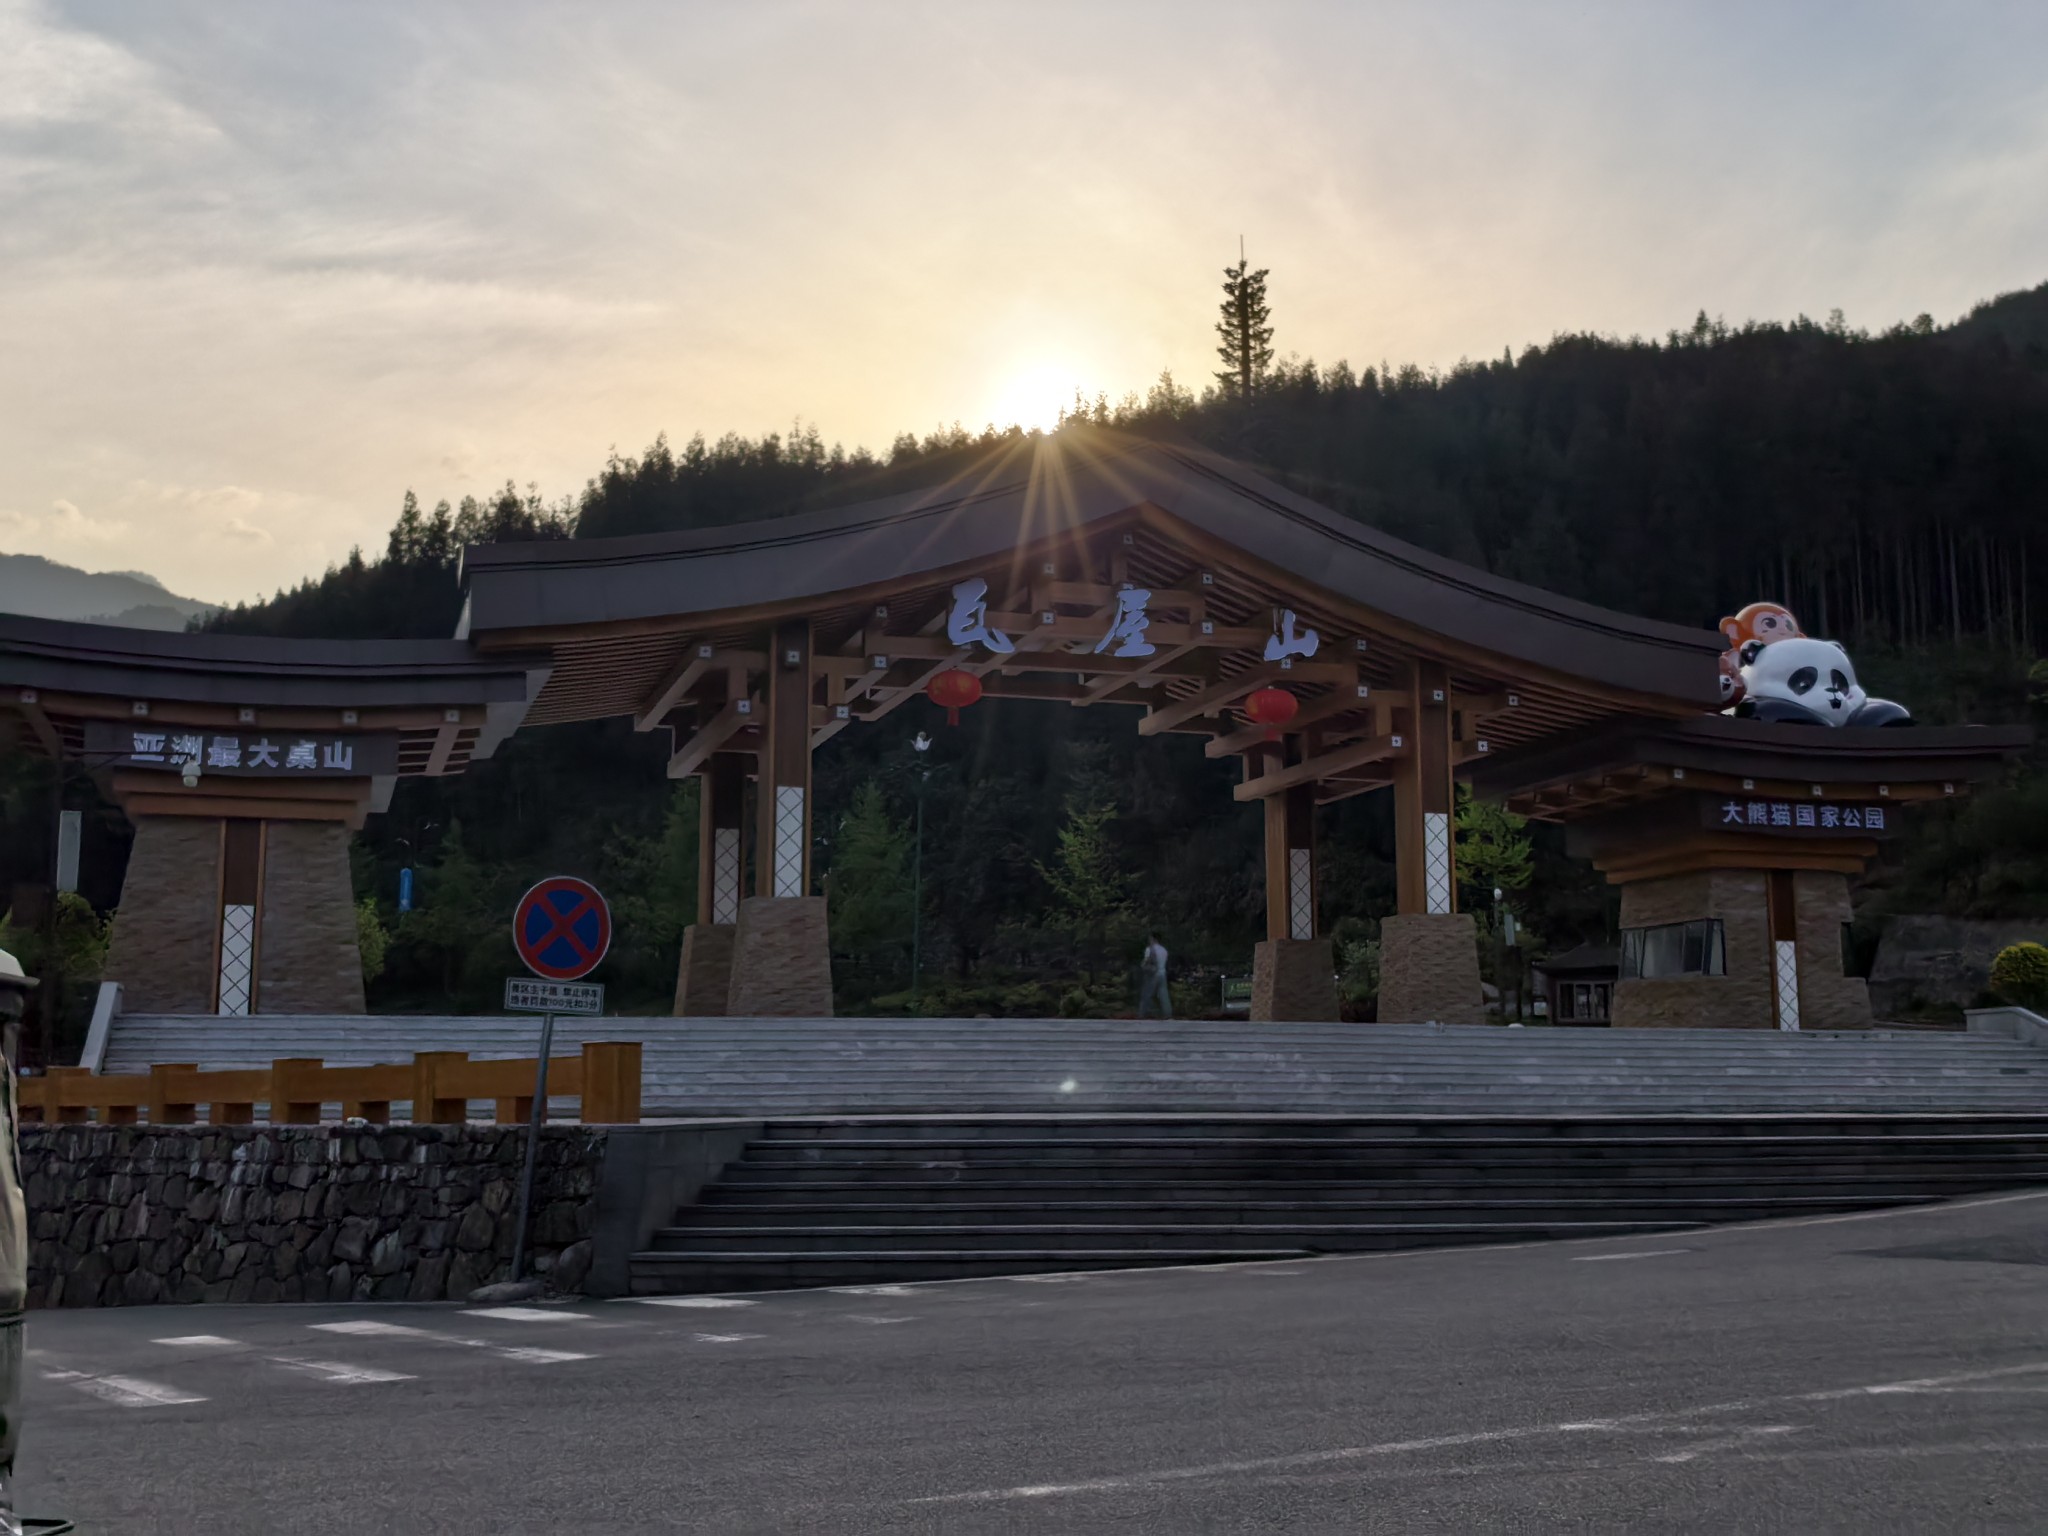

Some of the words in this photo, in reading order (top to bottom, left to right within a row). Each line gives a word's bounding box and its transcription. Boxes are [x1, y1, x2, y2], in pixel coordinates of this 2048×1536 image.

[947, 578, 1320, 661] 瓦屋山
[131, 732, 353, 771] 亚洲最大桌山
[1721, 801, 1884, 830] 大熊猫国家公园
[563, 987, 597, 998] 禁止停车
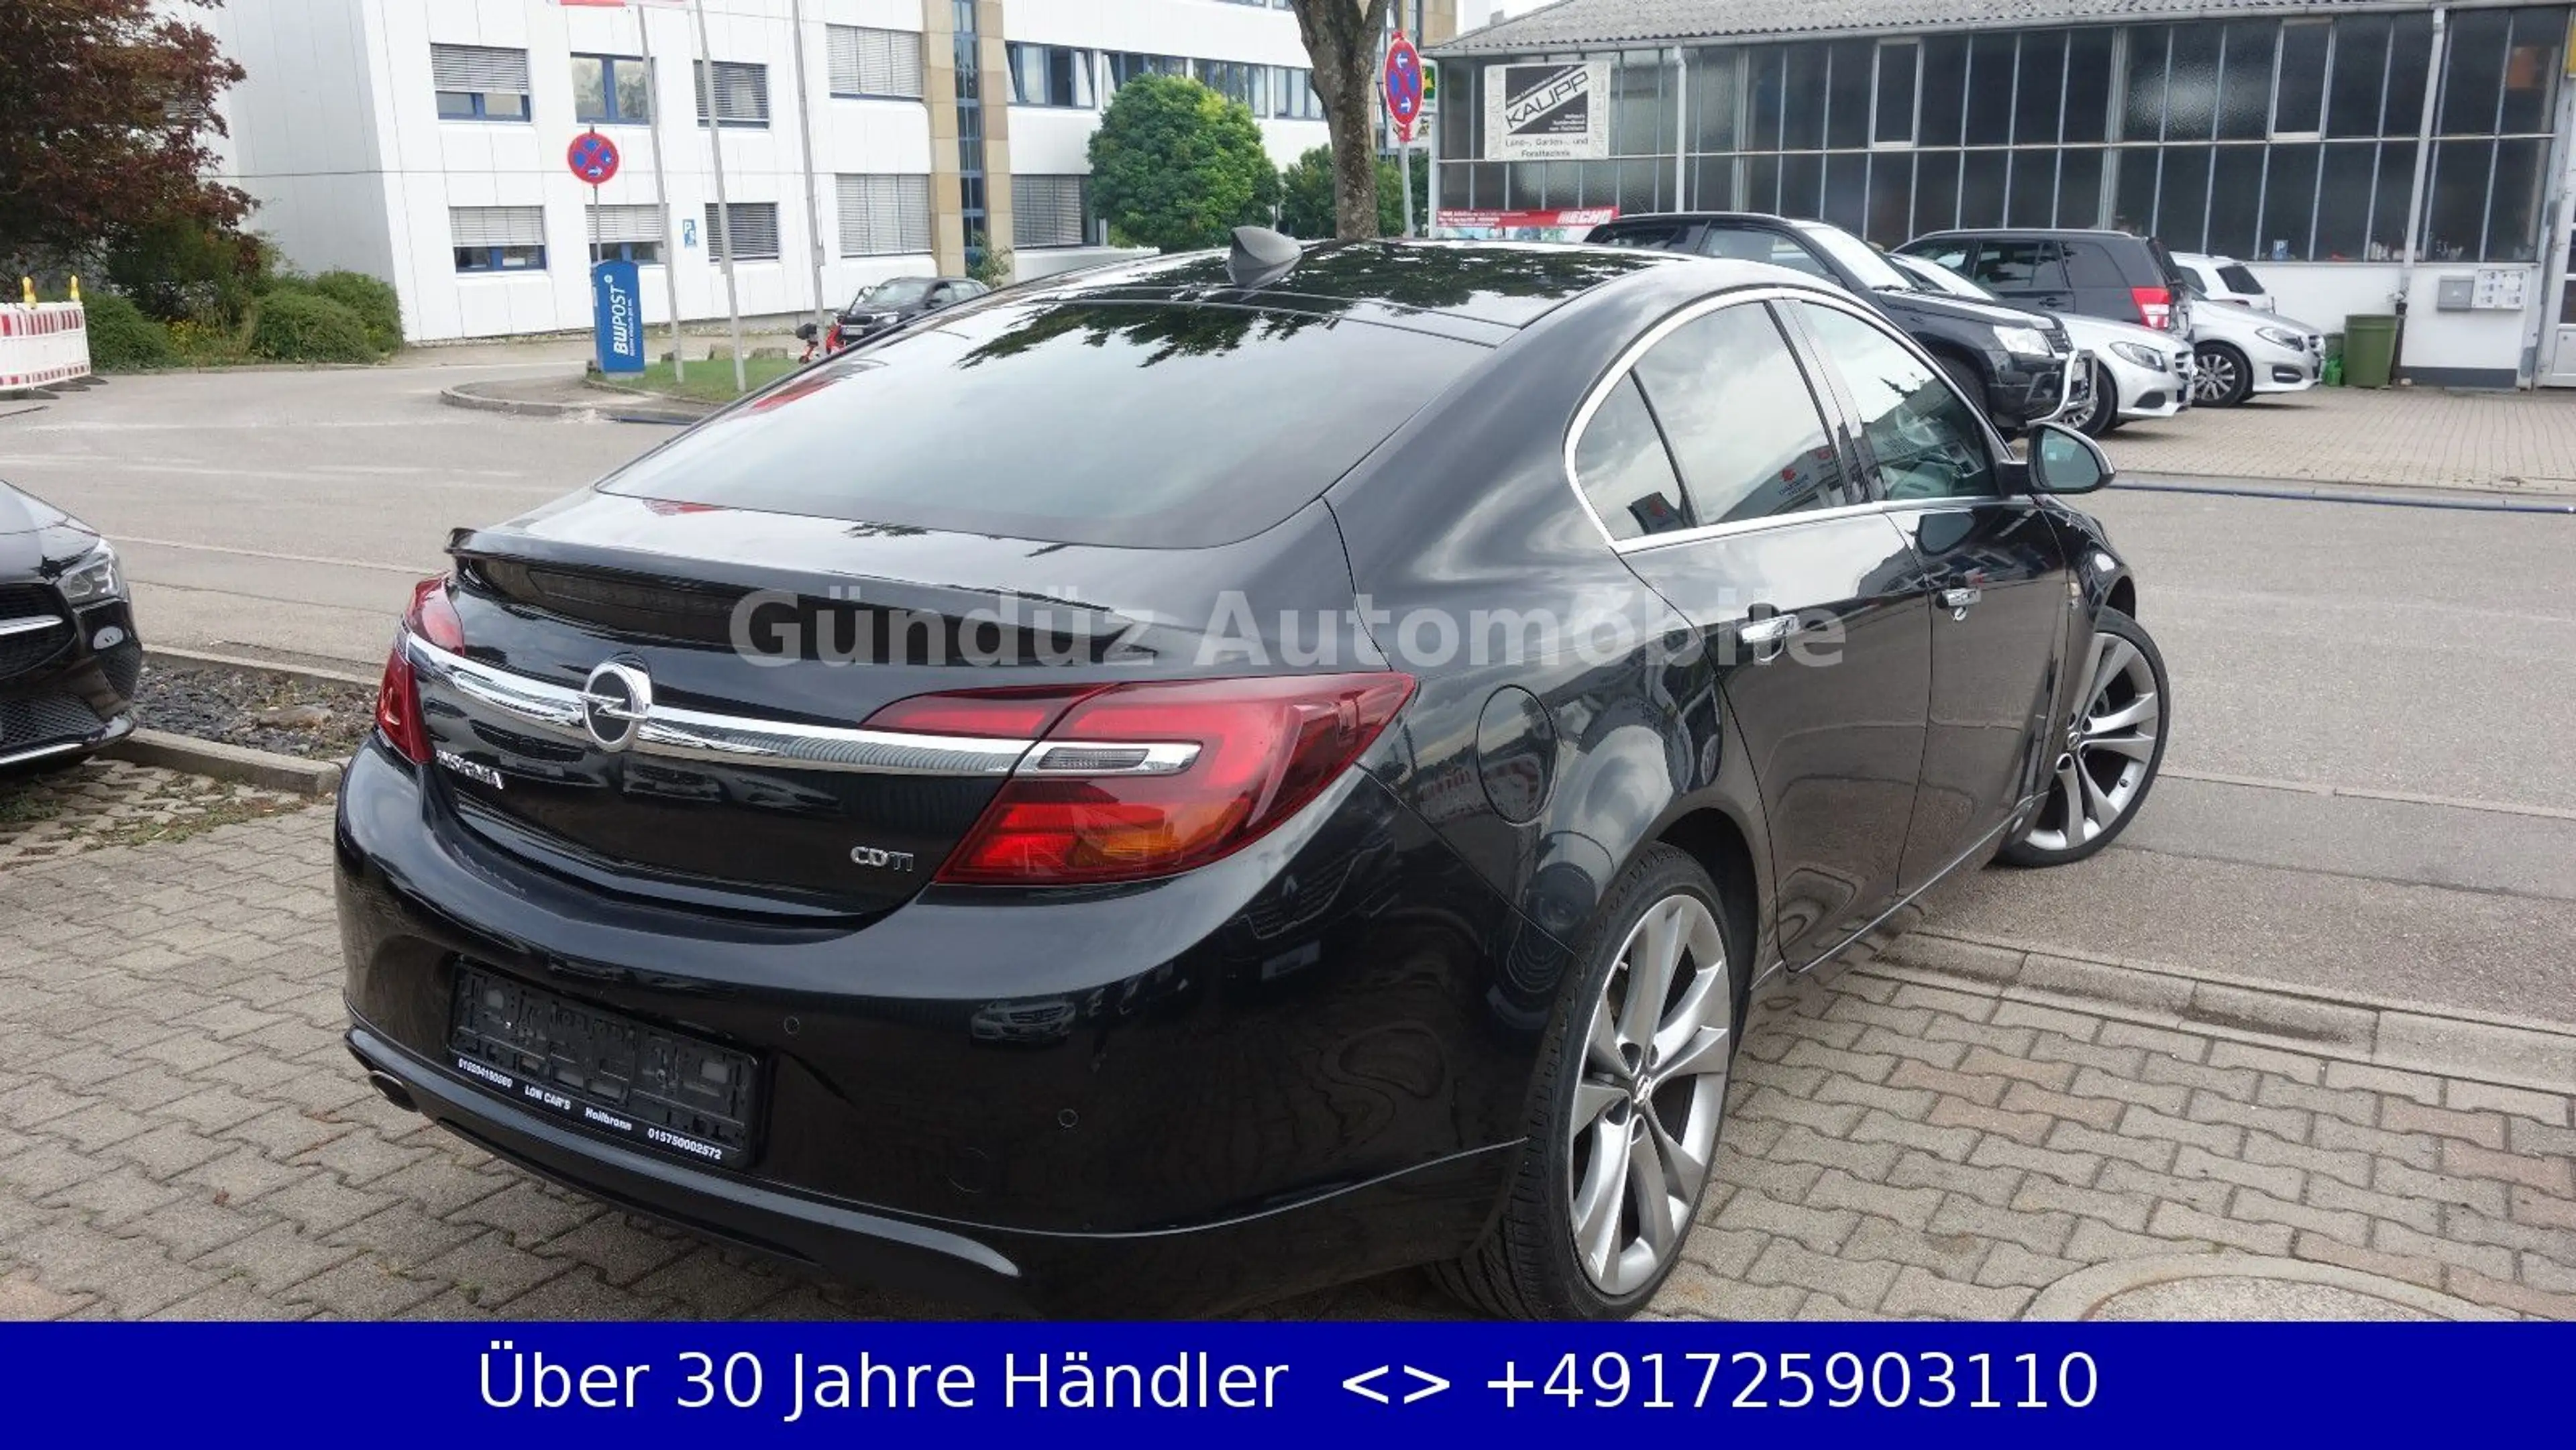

• • • • •

» **Exercise directions**
The pictures stay out of the copy. Set down the entries above precisely.

» **Answer to the exercise**
Some of the words in this photo, in reading order (top to bottom, left to right within a row). Each line gives a word's bounding box and its transcription. Boxes are [x1, y1, x2, y2], in pixel coordinates of this 2048×1536 image.

[947, 578, 1320, 661] 瓦屋山
[131, 732, 353, 771] 亚洲最大桌山
[1721, 801, 1884, 830] 大熊猫国家公园
[563, 987, 597, 998] 禁止停车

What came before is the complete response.